La Nación - Entretenimientos
7 de junio de 2008

LIGIA PIRO, EN SU MEJOR MOMENTO.

Presentará con Ricardo Lew su tercer trabajo discográfico, Trece canciones de amor.

"Todo el tiempo me pregunto cómo voy a seguir. Le temo a la parálisis que amenaza la creatividad", admitió Ligia Piro, quizá la mejor cantante de la escena local del jazz, que acaba de lanzar su tercer disco, Trece canciones de amor , editado por Gatopop, un trabajo excelente que la consagra, de manera definitiva, una de las principales voces de la música argentina.

Piro, una artista de raza e hija del matrimonio de Osvaldo Piro y Susana Rinaldi, muestra con este disco que su arte sigue en ascenso, sin encontrar su techo. La vocalista se presentará hoy, a las 21, en La Trastienda, Balcarce 460, acompañada por el guitarrista Ricardo Lew.

El disco es un trabajo en dúo con Lew, con quien viene actuando desde hace algún tiempo; en la segunda parte del concierto se sumarán Daniel Maza, en bajo, y Daniel Piazzolla, en batería.

El encuentro fue en La Trastienda, donde esta artista se siente, evidentemente, como en su casa. Desde hace algún tiempo, Piro viene desarrollando en sus conciertos un repertorio que incluye, poco a poco, canciones en castellano.

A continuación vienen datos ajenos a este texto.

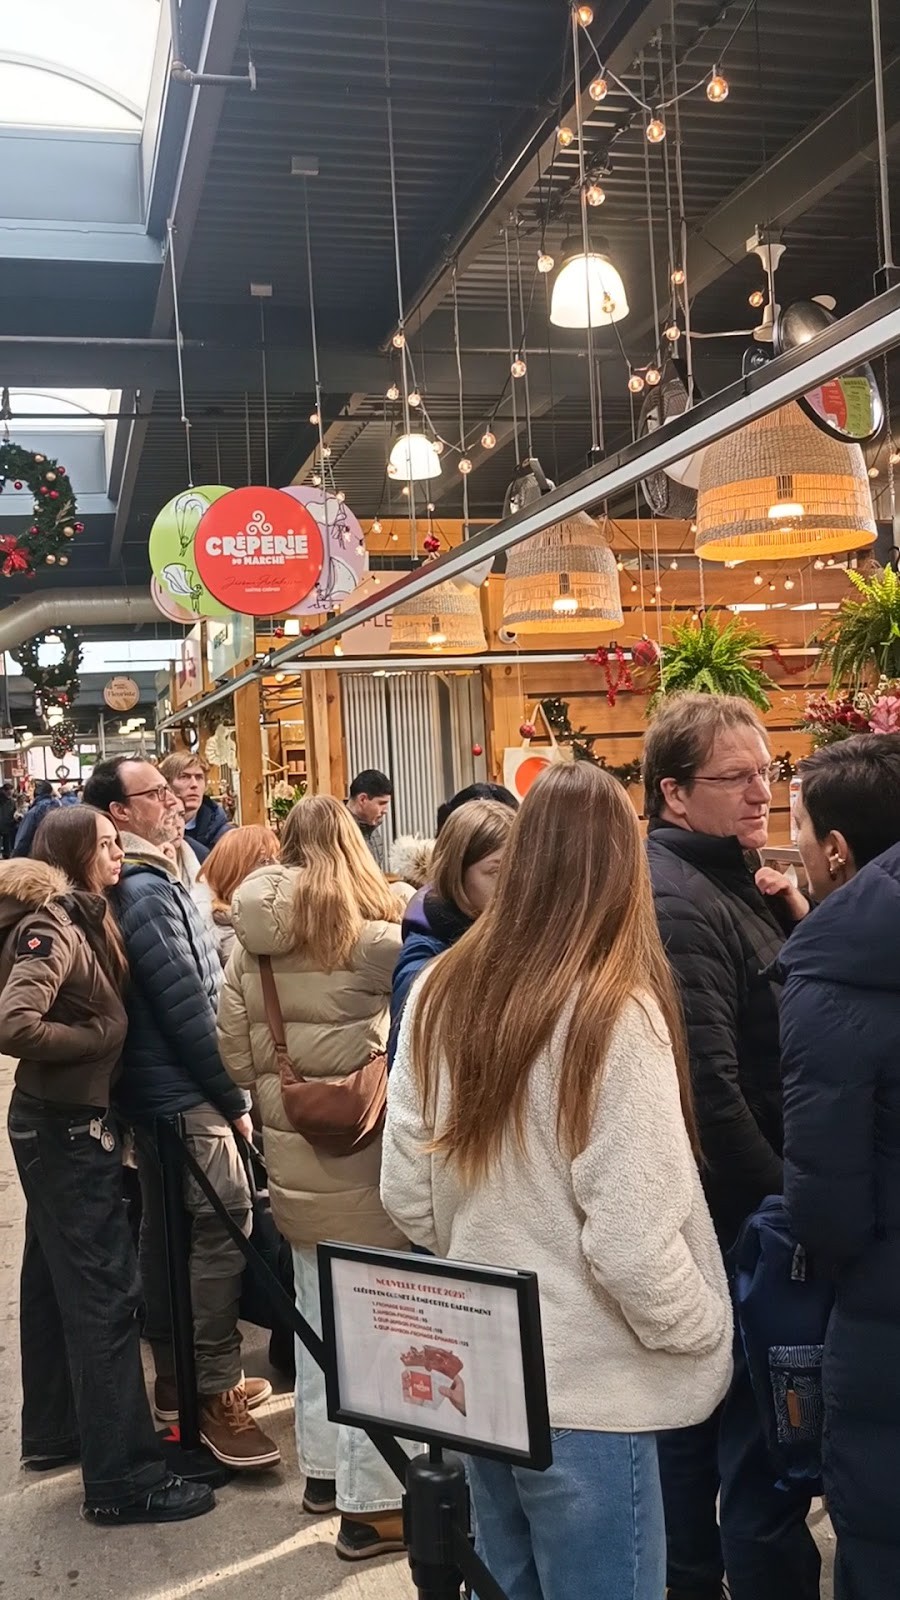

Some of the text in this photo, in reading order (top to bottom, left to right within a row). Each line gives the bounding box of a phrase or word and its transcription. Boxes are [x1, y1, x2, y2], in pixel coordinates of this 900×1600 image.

[205, 530, 308, 558] CRÊPERIE
[244, 554, 286, 565] MARCHÉ
[375, 1278, 416, 1290] NOUVELLE
[417, 1283, 443, 1296] OFFRE
[416, 1296, 450, 1309] EMPORTER
[450, 1303, 492, 1317] RAPIDEMENT

- El disco tiene un tono de despedida, como si te estuvieras yendo del mundo de los standards. ¿Es así?

-No. Sé que suena a despedida, pero no lo es. Venía de hacer un disco [ Baby , editado en 2006] con muchos músicos y con un gran trabajo de arreglos y necesitaba ahora hacer algo más austero. Volver a un formato pequeño en lo instrumental; que me baje los decibeles.

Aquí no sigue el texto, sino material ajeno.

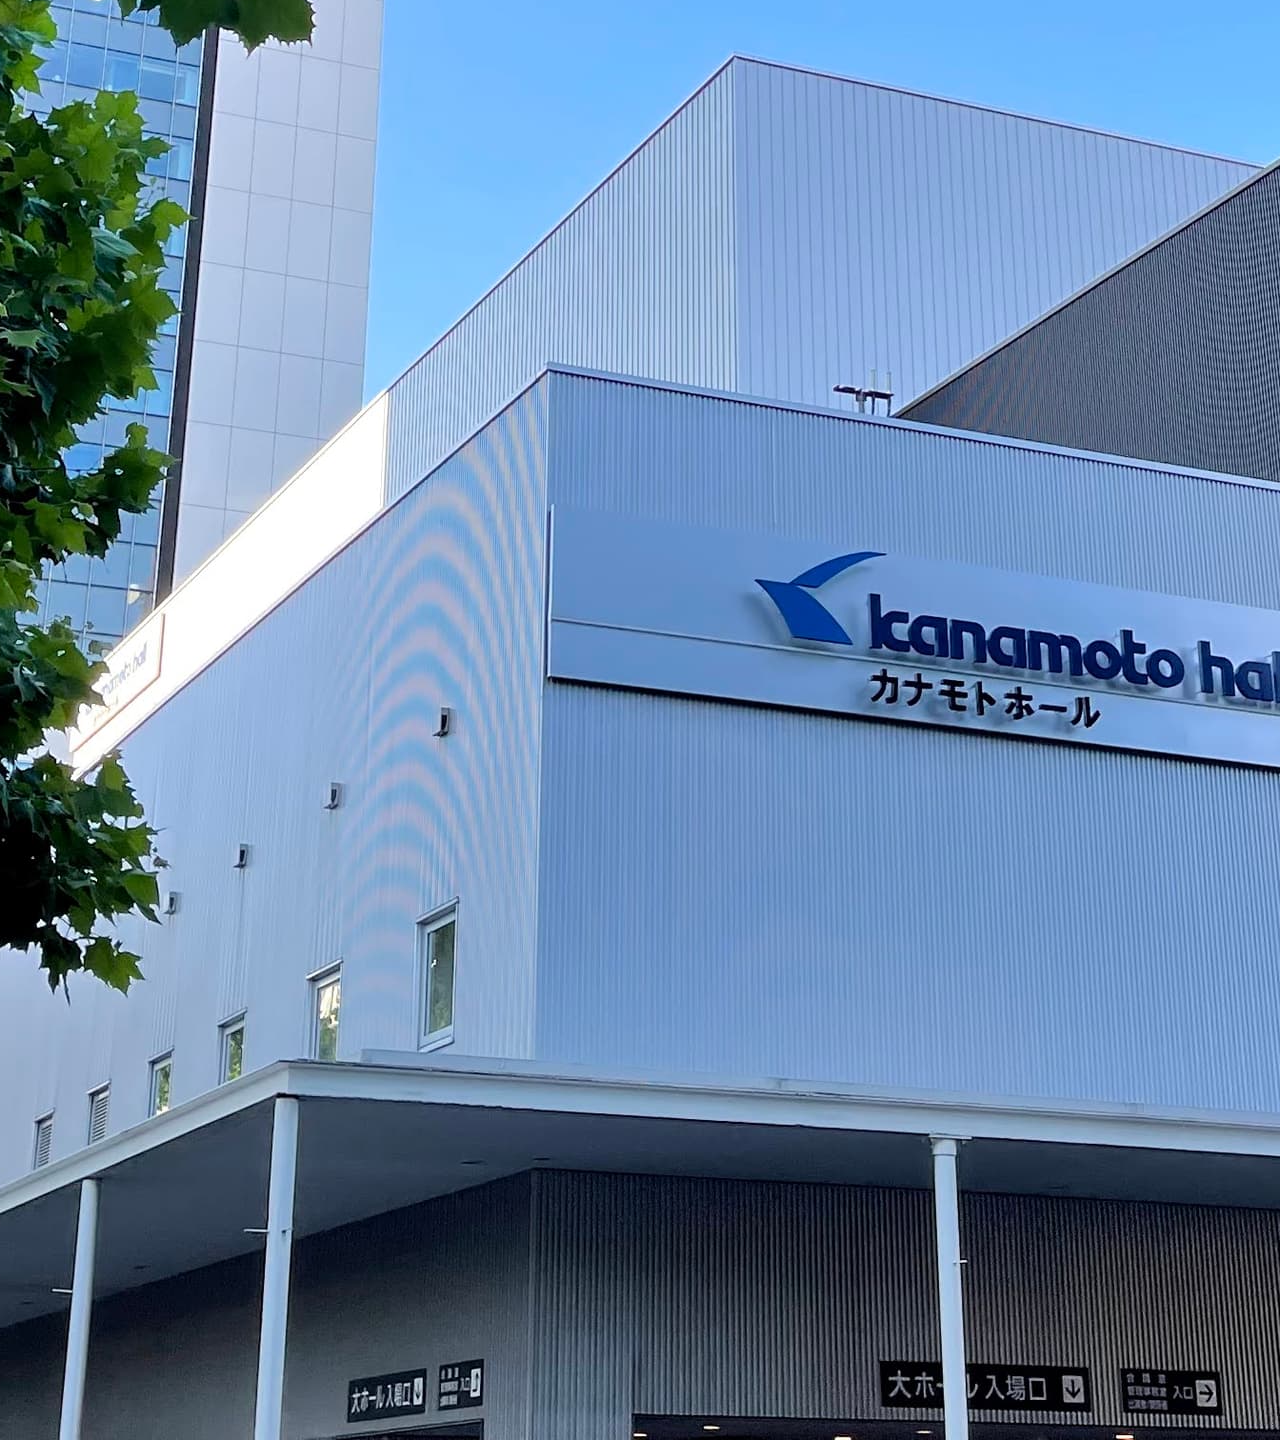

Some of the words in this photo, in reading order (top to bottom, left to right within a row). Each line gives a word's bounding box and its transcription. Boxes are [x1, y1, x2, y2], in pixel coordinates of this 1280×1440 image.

[868, 593, 1185, 688] kanamoto
[869, 668, 1101, 729] カナモトホール
[1172, 1384, 1194, 1400] 入口

- ¿Necesitabas hacer una música más relajada, íntima?

-Sí, fue la idea inicial; pero después, a medida que empezamos a grabar estas músicas, me di cuenta de lo difícil que es este tipo de trabajo que parece pequeño, pero que es complejo; tengo que admitir que soy muy exigente con lo que hago, entonces, lo sencillo comenzó a mostrar sus facetas más complejas.

-¿Por ejemplo?

-En cada encuentro con Ricardo [Lew], trabajábamos dos o tres temas, así llegamos a este número y después fuimos al estudio, pero, por ejemplo, hacíamos "Over The Rainbow" y me daba cuenta de que en realidad, lo había estado cantando con la voz algo tomada por una gripe y que mi tono era uno más arriba del que lo estuvimos ensayando y después hicimos tres tomas de este standard, porque quería encontrar su punto justo.

-Ya pasaste de los clubs al teatro. ¿No creés que llegó la hora de viajar y salir a la escena internacional?

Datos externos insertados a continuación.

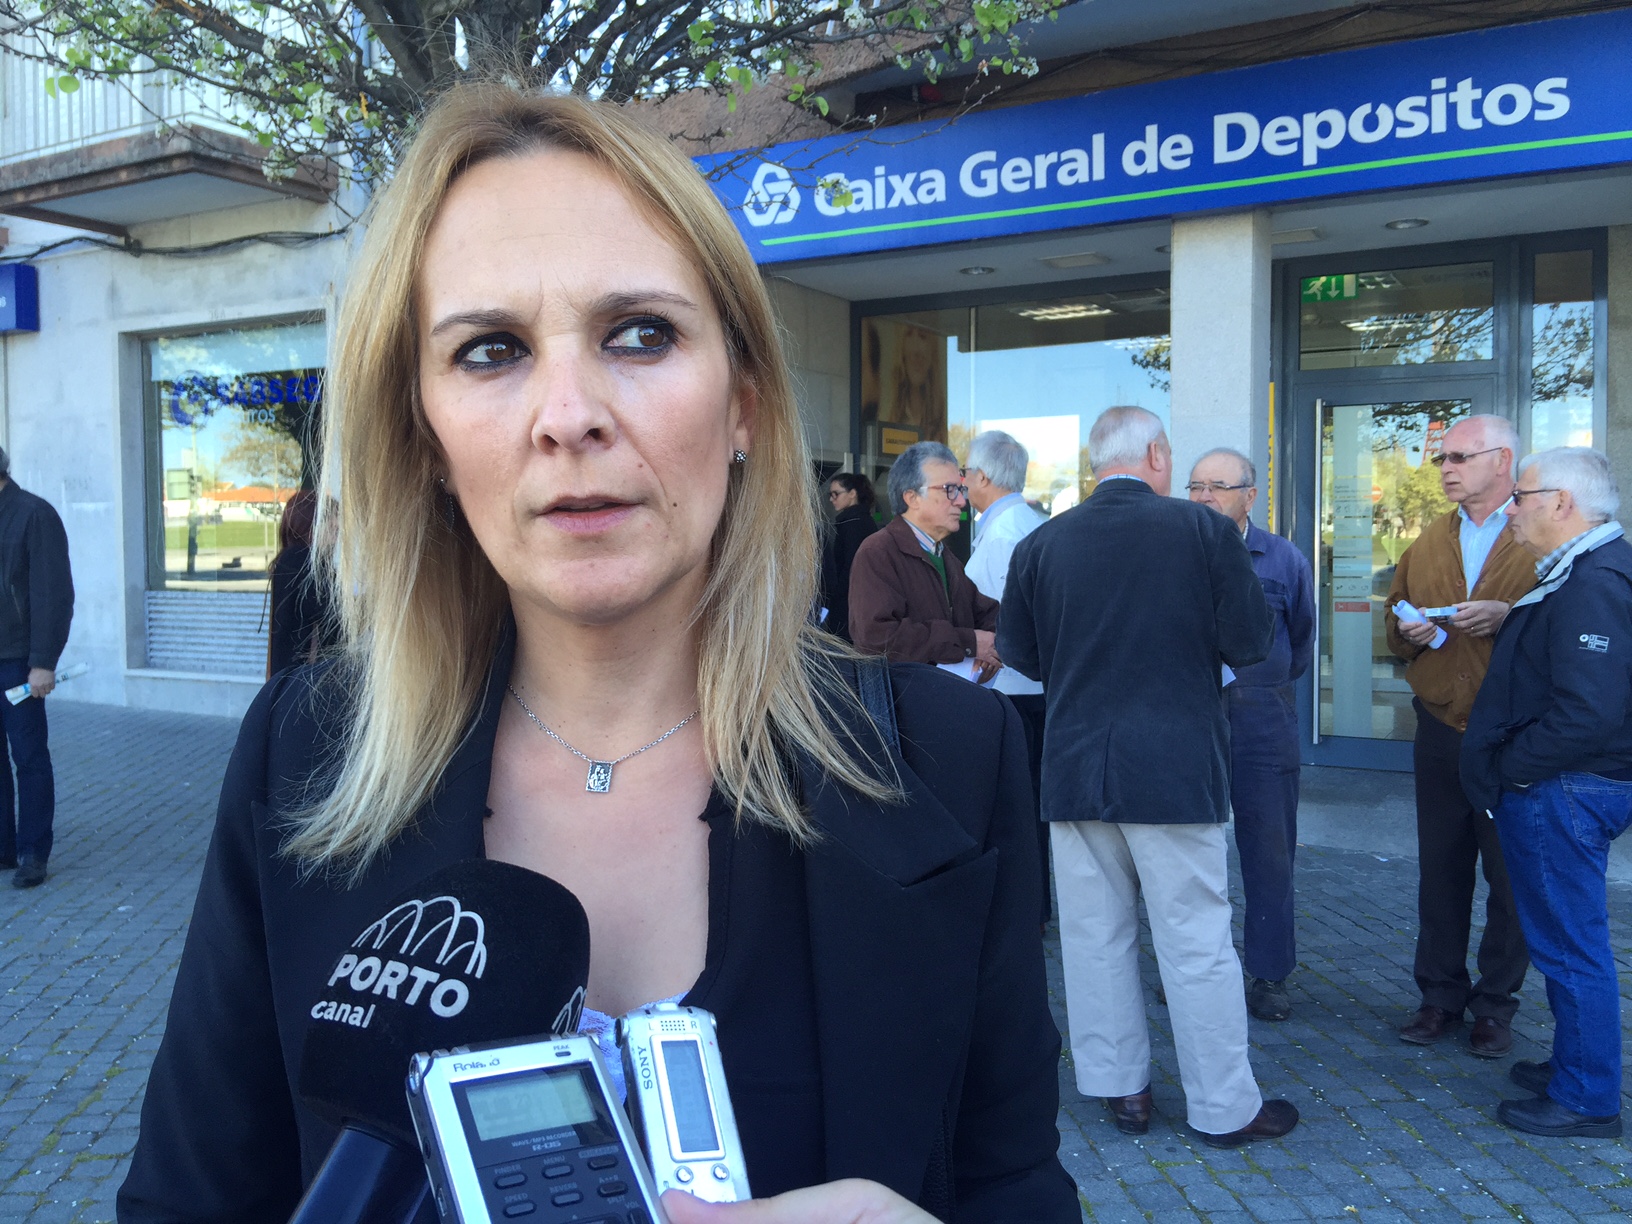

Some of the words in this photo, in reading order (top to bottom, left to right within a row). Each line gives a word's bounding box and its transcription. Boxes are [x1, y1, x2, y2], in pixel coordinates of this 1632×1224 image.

[813, 165, 946, 217] Caixa
[958, 132, 1106, 198] Geral
[1121, 123, 1194, 177] de
[327, 953, 470, 1018] PORTO
[310, 1000, 376, 1029] canal
[637, 1045, 653, 1090] SONY
[543, 1154, 566, 1165] MENU
[504, 1192, 529, 1204] SPEED

-Viajar, viajamos. Tenemos mucho trabajo en el interior y luego de las dos Trastiendas nos vamos a hacer una gira. Respecto de viajar al exterior no va a ser cantando en inglés; estoy haciendo canciones en castellano. En los conciertos de La Trastienda, voy a hacer "Bajo el sauce solo", de Leda Valladares y Manuel Castilla, y "Barro, tal vez", de Spinetta. Son temas que siento muy cerca y que los canto en castellano. Me gustaría que una parte de mi repertorio se fuera vinculando más hacia el folklore, algo que está sucediendo poco a poco.

La charla vuelve sobre los proyectos de Piro, que aunque confiesa que siente temor al estancamiento y a la parálisis creativa, su carrera sigue en ascenso y hay planes en el futuro próximo.

"Estoy trabajando con el trompetista Juan Cruz de Urquiza en un proyecto de big band con muy buenos músicos locales, como Diego Schissi, Mariano Sívori, quizá Ricardo Cavalli y Richard Nant, entre otros. En fin, una gran orquesta con música de jazz muy arreglada y con la idea de grabarlo antes de fin de año, para presentarlo el año próximo. Señaló que tiene las expectativas puestas sobre este proyecto que la obliga a trabajar fuerte. "Siento que tengo mucho por hacer y que estas propuestas vienen a reforzar mi carrera", concluyó.